■ **Work instruction**: Write each line below back out exactly, omitting its pictures.
###
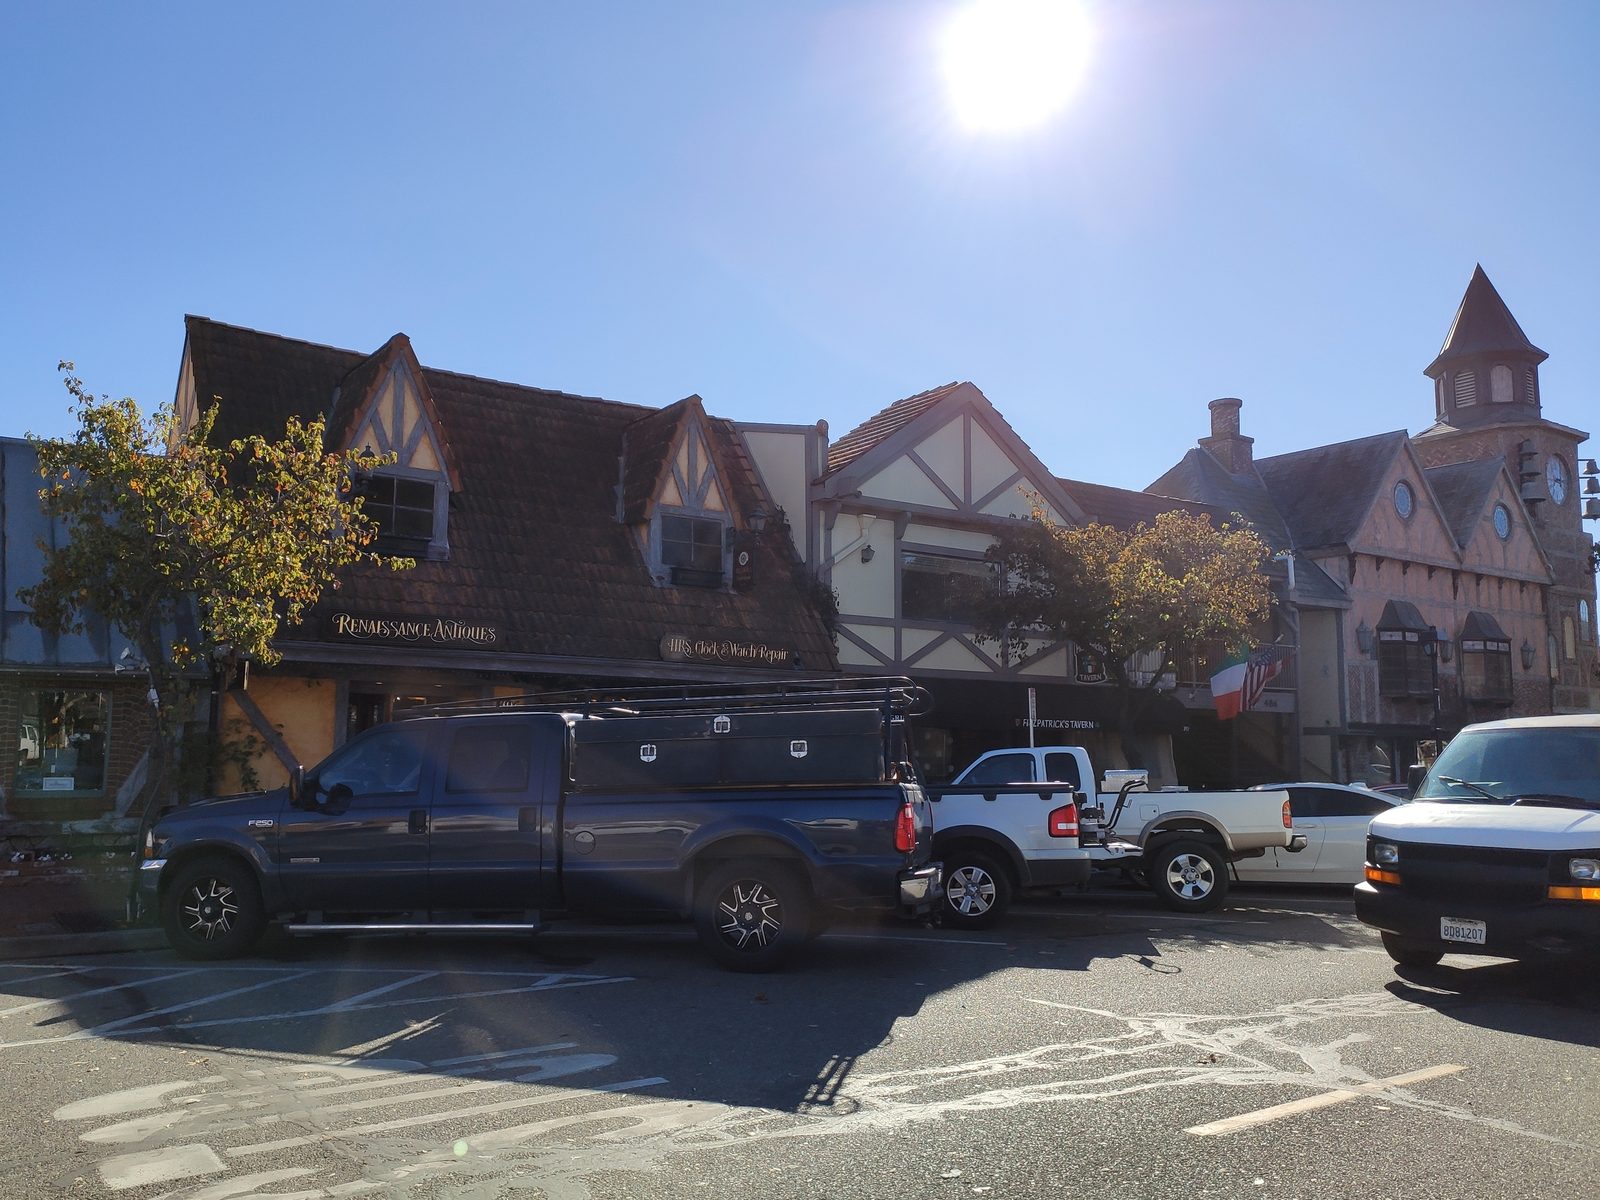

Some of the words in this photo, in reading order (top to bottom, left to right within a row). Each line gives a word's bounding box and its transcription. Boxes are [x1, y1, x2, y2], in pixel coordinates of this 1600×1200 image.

[695, 640, 723, 660] Clock
[729, 640, 758, 661] Watch
[758, 644, 789, 664] Repair
[1079, 673, 1102, 681] TAVERN
[1023, 718, 1069, 729] FIZPATRICK'S
[1070, 720, 1094, 729] TAVERN
[1443, 925, 1483, 940] 8D81207
###
■ **Answer area**:
Some of the words in this photo, in reading order (top to bottom, left to right within a row). Each line gives a word's bounding box and its transcription. Boxes are [x1, y1, x2, y2], in pixel coordinates of this 1600×1200 image.

[695, 640, 723, 660] Clock
[729, 640, 758, 661] Watch
[758, 644, 789, 664] Repair
[1079, 673, 1102, 681] TAVERN
[1023, 718, 1069, 729] FIZPATRICK'S
[1070, 720, 1094, 729] TAVERN
[1443, 925, 1483, 940] 8D81207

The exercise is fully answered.